Traduzione di Roberta Quarta – Centro Italiano ITI
Carlos Celdrán è un pluripremiato regista teatrale, drammaturgo, accademico e professore. Vive e lavora a L’Avana, Cuba e ha portato i suoi spettacoli in tutto il mondo.
Nato nel 1963 a L’Avana, Carlos Celdrán ha affinato il suo amore e la sua esperienza del teatro presso l’Istituto Superiore delle Arti dell’Avana, dove ha conseguito una laurea in Studi delle Arti dello Spettacolo. Dopo essersi diplomato a pieni voti nel 1986, inizia a lavorare prima come consigliere residente, e in seguito come regista residente per il Teatro Buendía all’Avana.

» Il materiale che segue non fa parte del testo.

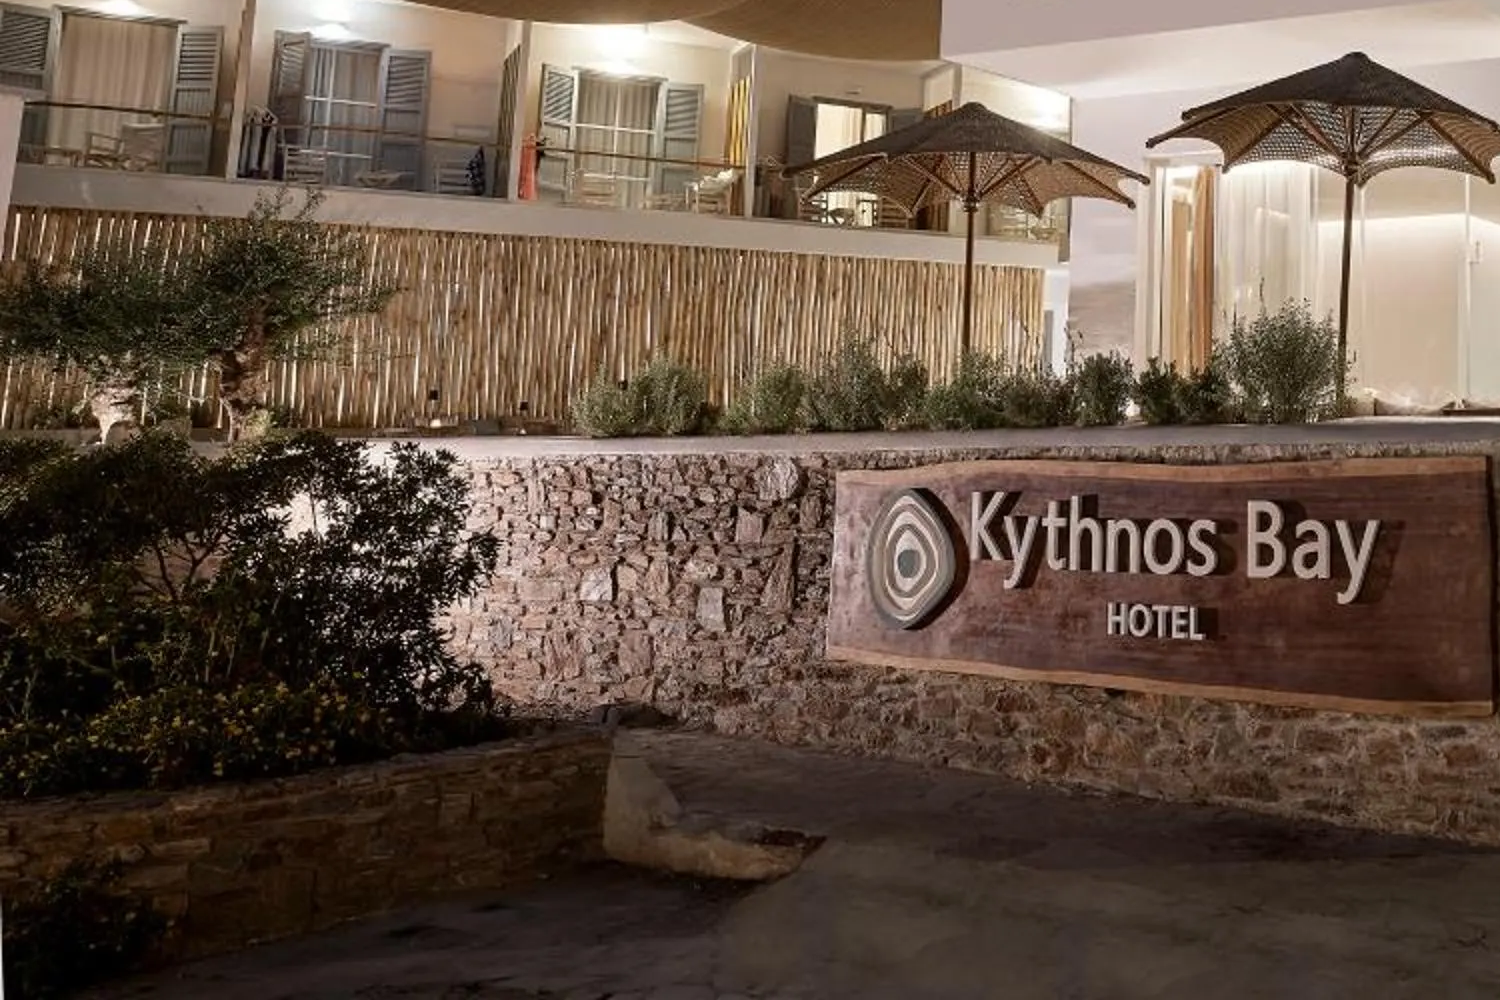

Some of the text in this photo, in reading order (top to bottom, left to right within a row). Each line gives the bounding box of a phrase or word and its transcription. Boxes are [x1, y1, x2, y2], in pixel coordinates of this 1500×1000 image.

Ha ricoperto questo ruolo fino al 1996, quando decide di creare il proprio gruppo teatrale, il famoso e apprezzato Teatro Argo. Con sede a L’Avana, Cuba, il Teatro Argo ha conquistato una grande fama con le sue interpretazioni di classici europei, di opere teatrali latino-americane contemporanee e di produzioni originali sotto la direzione esperta di Carlos Celdrán.
Gli spettacoli del Teatro Argos hanno cercato di dare nuova vita al canone del teatro europeo moderno, con spettacoli di Brecht, Beckett, Ibsen e Strindberg che portano la cultura e i gusti europei a un pubblico latino-americano. Il Teatro Argos ha realizzato anche un grande lavoro di promozione dei drammaturghi cubani, portando in scena opere di artisti locali come Gonzalez Melo. È questa fusione di diverse culture che ha portato il Teatro Argos, uno dei più importanti gruppi teatrali cubani, ad essere acclamato oltre i confini nazionali. Il loro celebre laboratorio di recitazione, che cerca di trovare un linguaggio comune per gli artisti, è riconosciuto come un’iniziativa capace di mettere il mondo insieme.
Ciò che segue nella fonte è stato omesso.